Items listed in a dataset:
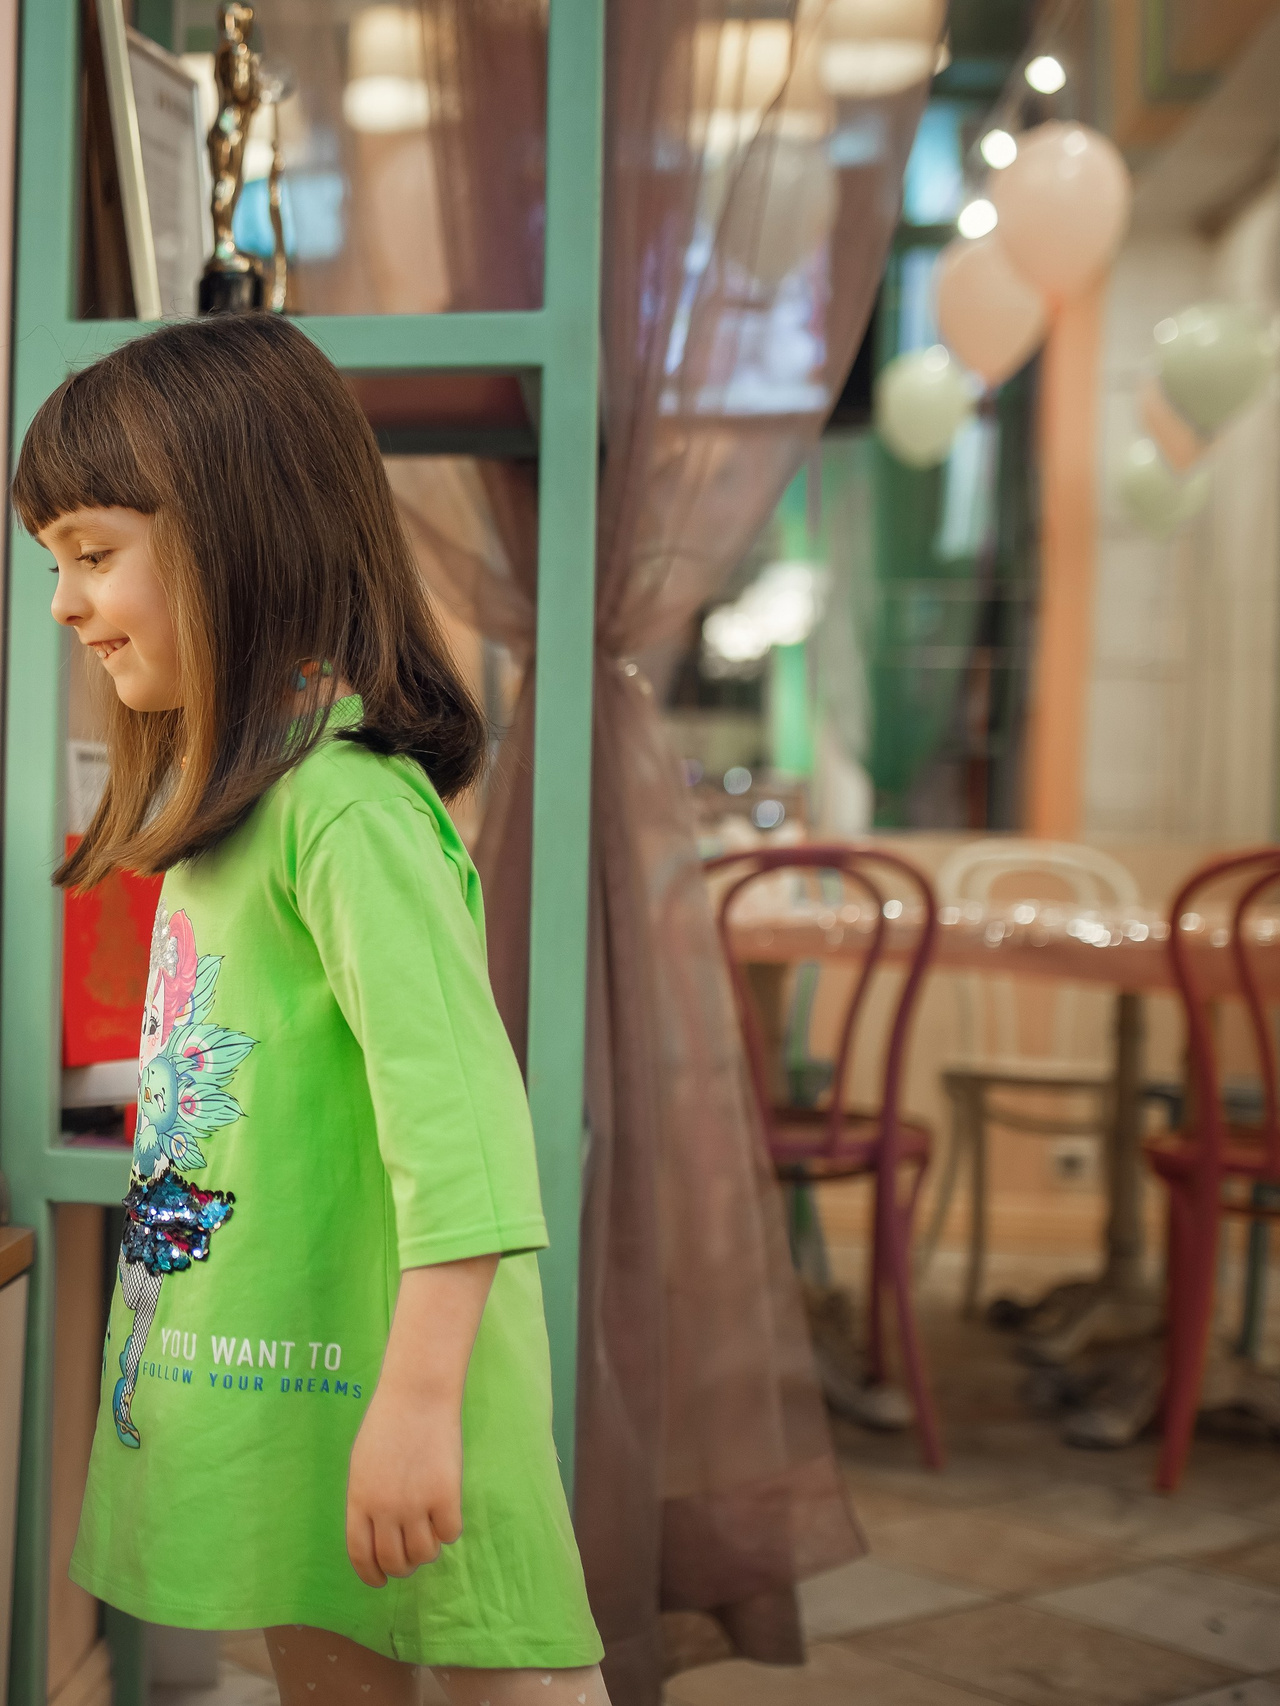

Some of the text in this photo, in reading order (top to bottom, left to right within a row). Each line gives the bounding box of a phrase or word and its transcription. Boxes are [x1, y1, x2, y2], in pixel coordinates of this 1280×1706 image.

[160, 1327, 342, 1371] YOU WANT TO
[142, 1361, 363, 1399] FOLLOW YOUR DREAMS
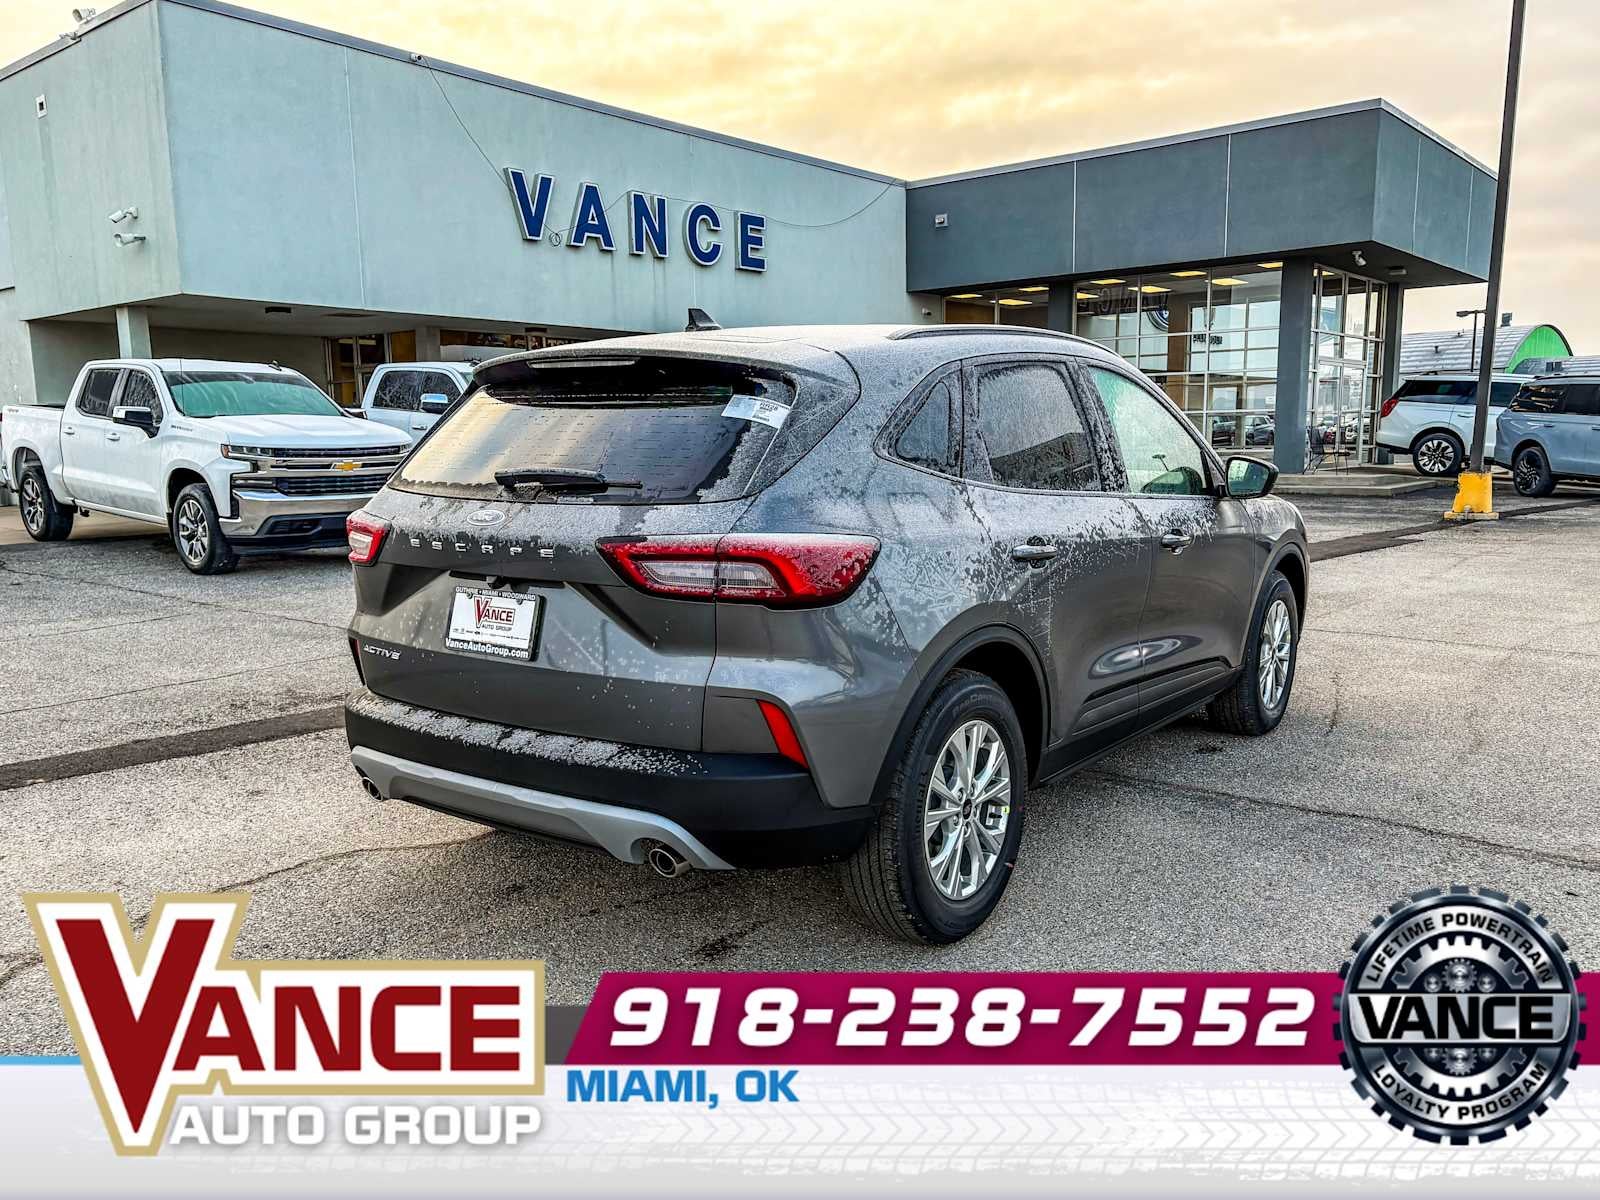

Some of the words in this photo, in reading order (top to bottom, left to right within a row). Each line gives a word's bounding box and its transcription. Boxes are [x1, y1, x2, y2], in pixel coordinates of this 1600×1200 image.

[503, 167, 768, 272] VANCE
[475, 597, 514, 626] VANCE
[363, 644, 402, 660] ACTIVE
[445, 637, 529, 660] VanceAutoGroup.com

Work order:
Give every line above again exactly, with no pictures.

Output for this exercise:
Some of the text in this photo, in reading order (top to bottom, left to right within a row). Each line gives the bounding box of a phrase or word and its transcription. Boxes are [x1, y1, x2, y2], in pixel coordinates of this 1280×1706 image.

[160, 1327, 342, 1371] YOU WANT TO
[142, 1361, 363, 1399] FOLLOW YOUR DREAMS

Some of the words in this photo, in reading order (top to bottom, left to right within a row). Each line gives a word's bounding box and its transcription. Boxes are [x1, y1, x2, y2], in pixel coordinates of this 1600×1200 image.

[503, 167, 768, 272] VANCE
[475, 597, 514, 626] VANCE
[363, 644, 402, 660] ACTIVE
[445, 637, 529, 660] VanceAutoGroup.com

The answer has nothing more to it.